Iowa football: Hawkeyes home/away schedule in 2018 is not ideal
By Andrew Wade
The Iowa football program is in good shape talent wise this season, but is their schedule conducive to making a run with their home/away game structure?
Each season Gary Barta, the Iowa Hawkeyes Athletic Director, puts together a twelve-game schedule for the Iowa football team. There are some consistencies like the nine-game conference schedule Iowa will play including six games against their Big Ten West counterparts and also the Cy-Hawk trophy game against the Cyclones.

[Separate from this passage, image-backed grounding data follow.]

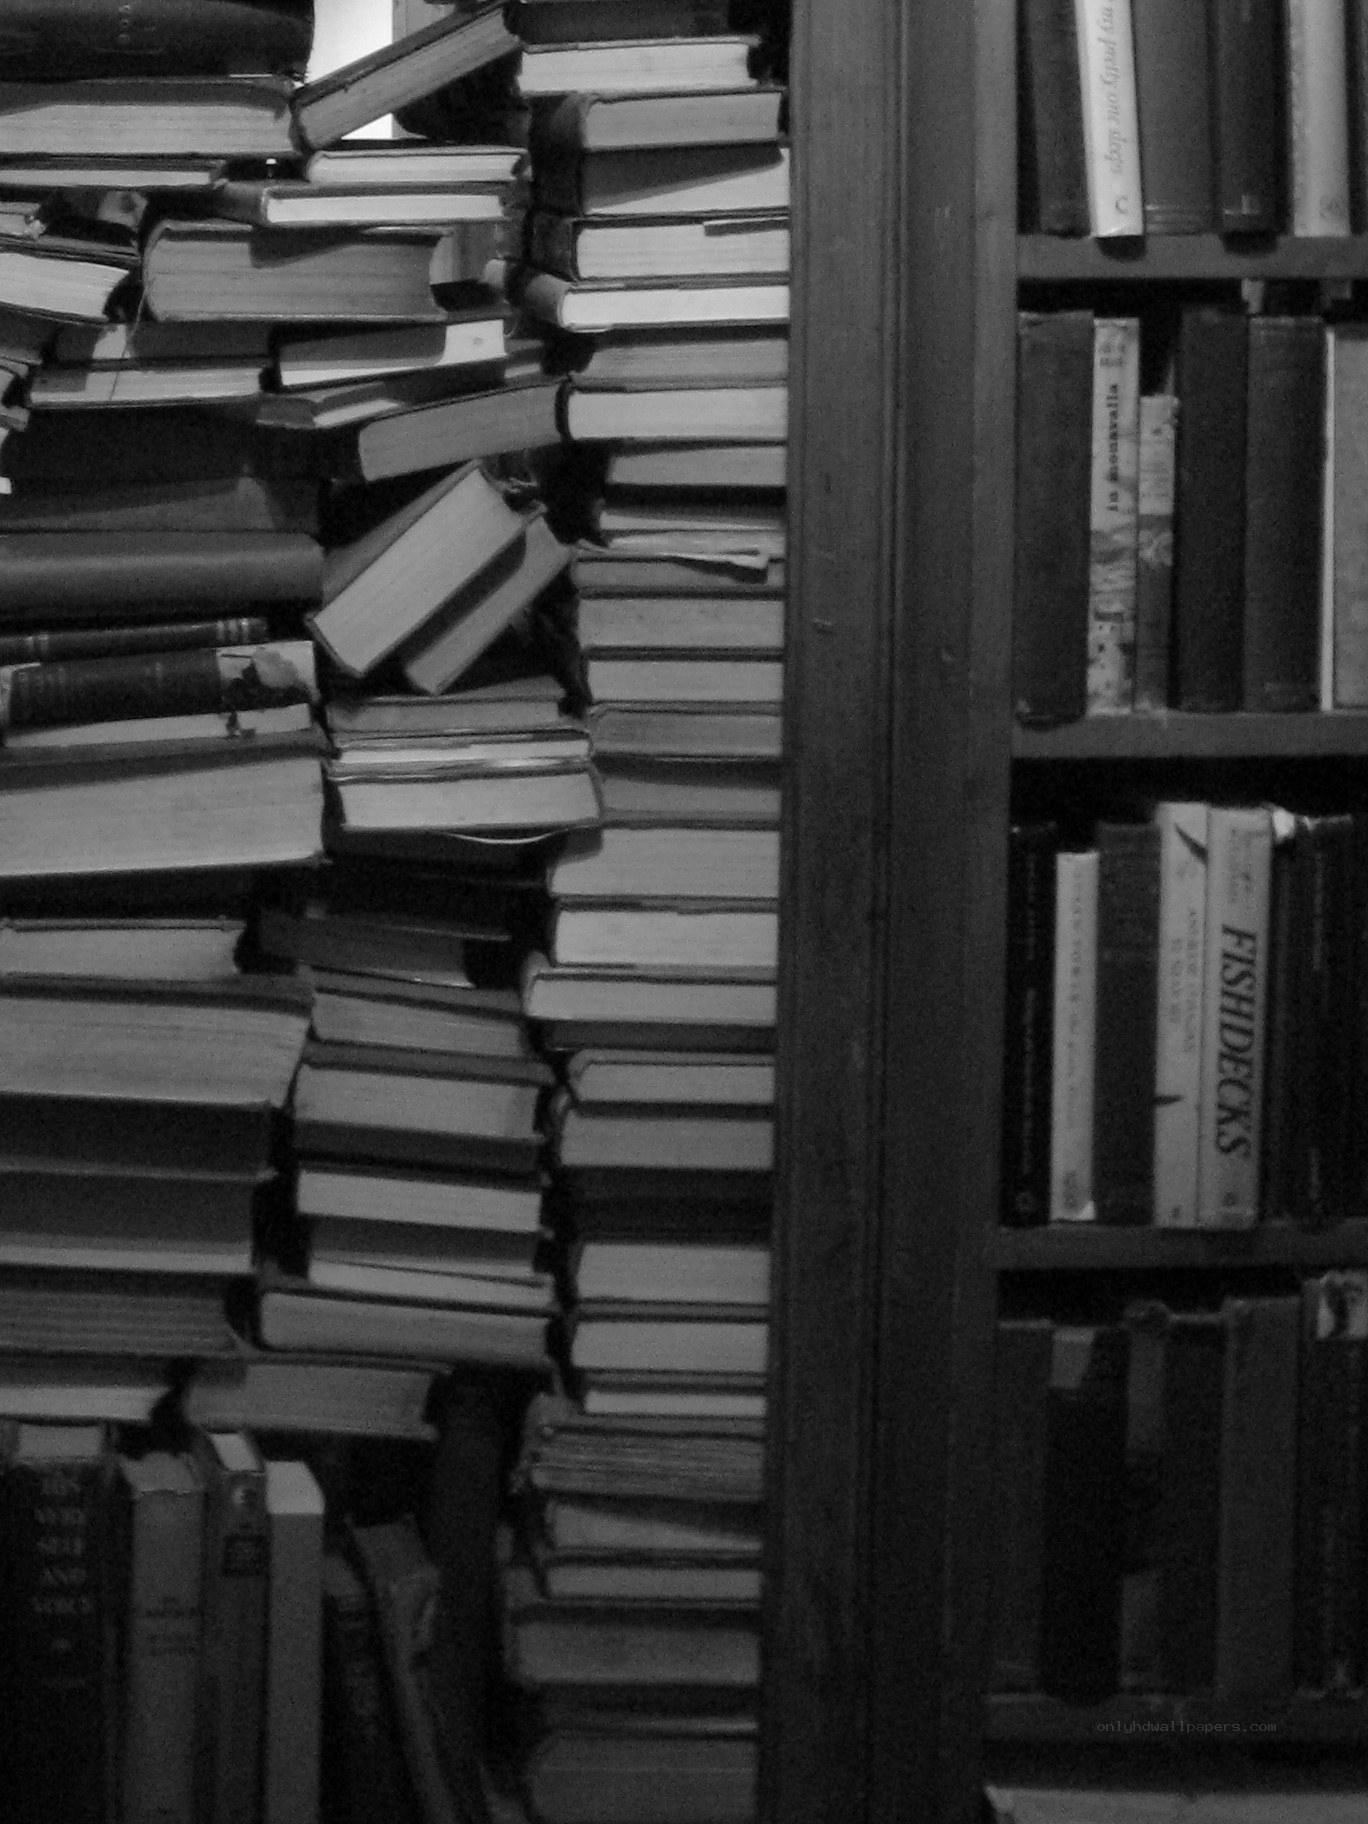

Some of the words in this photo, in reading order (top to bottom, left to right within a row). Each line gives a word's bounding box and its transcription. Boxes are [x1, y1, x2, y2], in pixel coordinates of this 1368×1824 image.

[1103, 7, 1120, 33] my
[1104, 38, 1125, 89] pretty
[1110, 91, 1125, 122] one
[1109, 128, 1131, 174] sleeps
[1216, 924, 1257, 1158] FISHDECKS

His biggest task is finding two other non-conference games to schedule. Ideally, you want to find a team the first week of the season that allows Kirk Ferentz and his staff to work out a few of the kinks for the team while playing an easily winnable game. The other non-conference game is just a matter of finding the right team that is available, but with a slightly more defined lean towards an opponent that will look good at the end of the season for the Hawks if they are making a push for a big bowl game.
Unfortunately, outside of the non-conference games, Barta can’t really control the home and away schedule, and this year it’s less than optimal for the Iowa football team. On the plus side, at least Iowa doesn’t have a cross division matchup with three of the top four teams in the Big Ten East: Ohio State, Michigan, and Michigan State.

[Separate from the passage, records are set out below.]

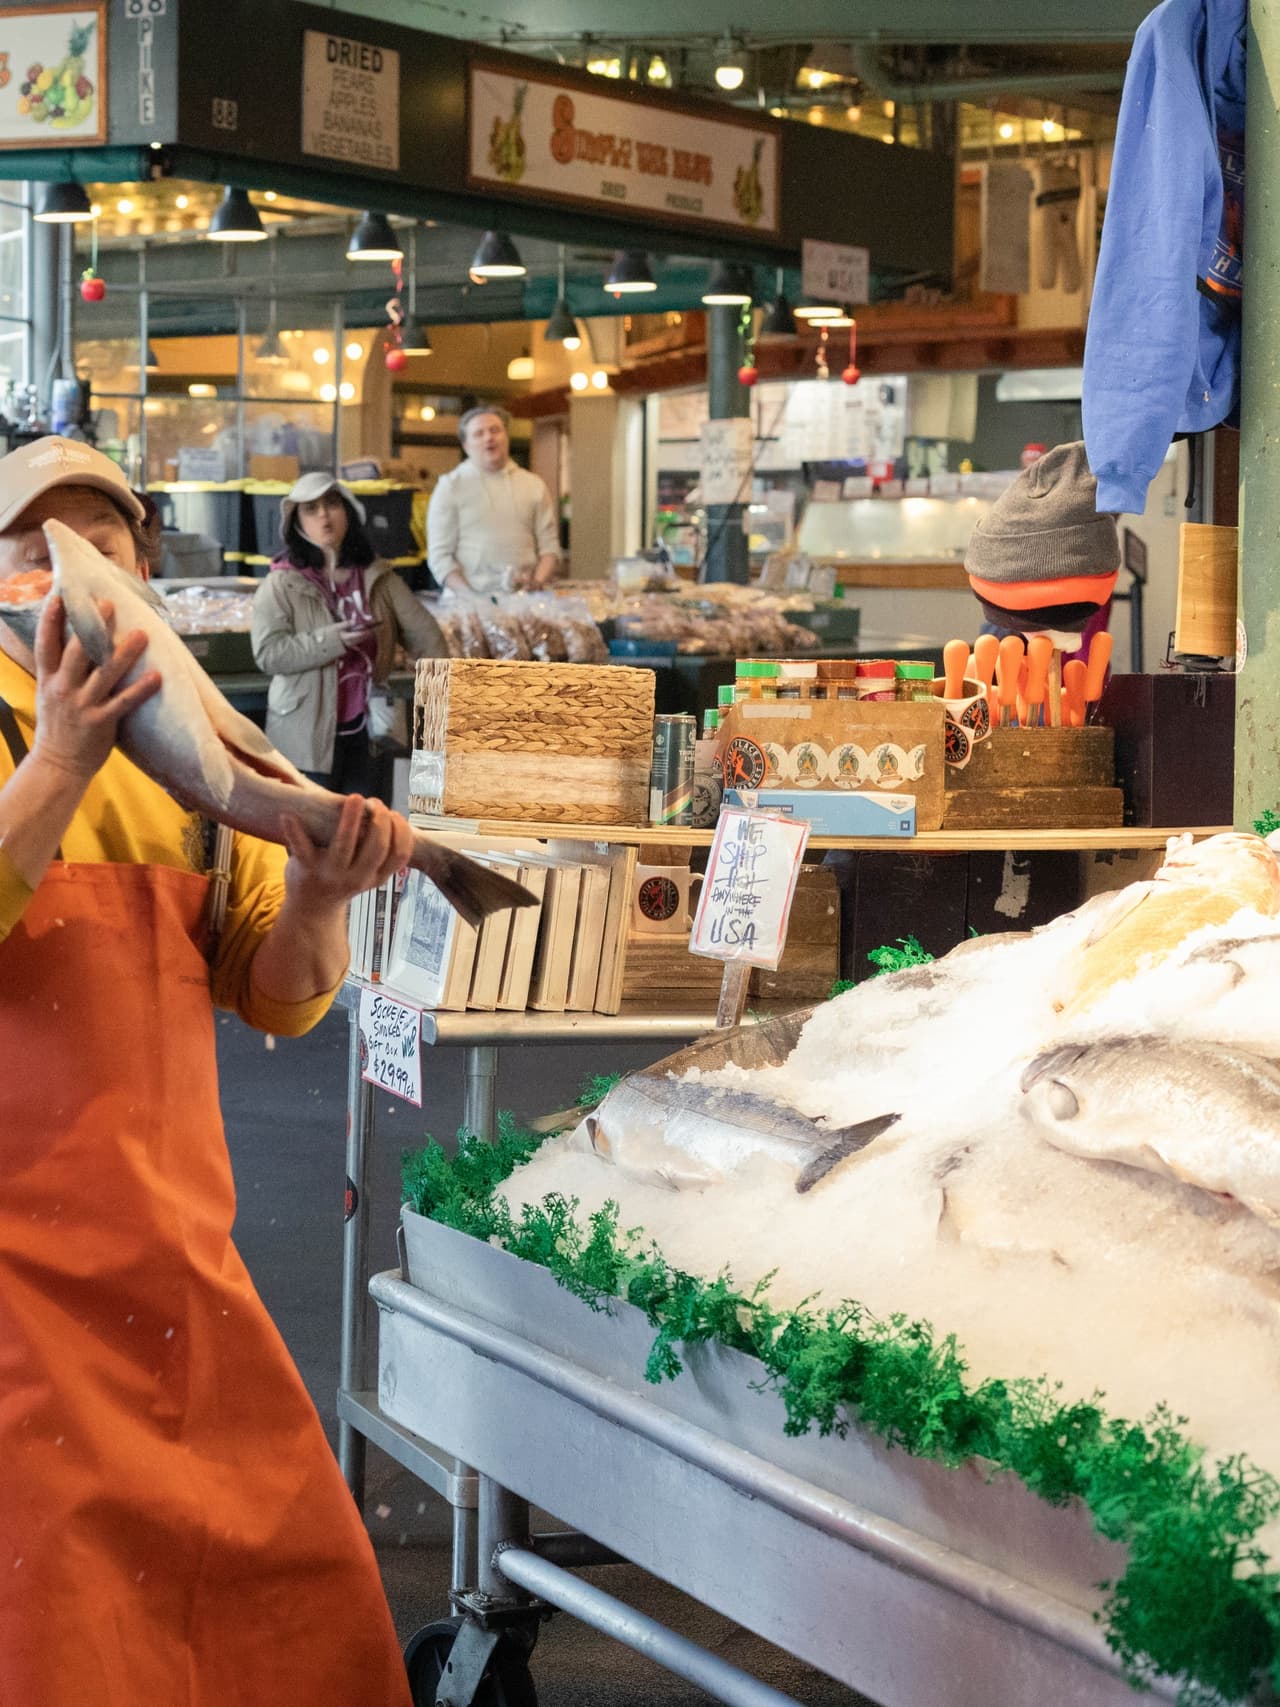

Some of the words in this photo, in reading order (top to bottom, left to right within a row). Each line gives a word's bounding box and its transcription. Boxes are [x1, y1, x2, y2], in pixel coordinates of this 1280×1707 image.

[327, 39, 383, 73] DRIED
[737, 816, 767, 845] WE
[720, 841, 768, 871] SHIP
[711, 886, 762, 908] ANYWHERE
[710, 914, 759, 950] USA
[371, 996, 408, 1026] SOCKEYE
[374, 1020, 401, 1038] SMOKED

The Hawkeyes kick off the season with four straight home games (two of which have already been played), before embarking on two road games against Minnesota and Indiana. They have one game at home against lowly Maryland before heading on another two-game stretch of road games at Penn State and Purdue.
The Iowa football team rounds out their season with a trap game against Northwestern at Kinnick, an away game at Illinois in Springfield, and a Black Friday contest against the Scott Frost-led Cornhuskers.
Again, from an individual game aspect, Iowa has a good schedule, but playing four out of five games away can be tough. Especially when one of those games is at Penn State, which is always a tough place to play similar to Kinnick.
As expected, though, Kirk is treating it like business as usual:
"At least in the second part of the season we’re not going to Japan. We’re playing in the Big Ten. The road trips aren’t that big a deal. They’re easy, and you go out there, you play and you get back out.Compared to being at Maine where you’re on a bus for eight or nine hours, it’s not that big a deal. But it’s the way it shook out and the way they come at you. That’s the way it is."
He went on to make a jab at the SEC when asked about the unusualness of playing four straight home games to start the season:
"It sounds like maybe they do in the southeast. I didn’t mention a conference, I just said a geographic area of the country."
Looking at the schedule, if Iowa can upset Wisconsin in a night game at Kinnick, there is a chance the only game they are not favored in for the rest of the season is at Penn State. We could be in the midst of another magical Iowa football season.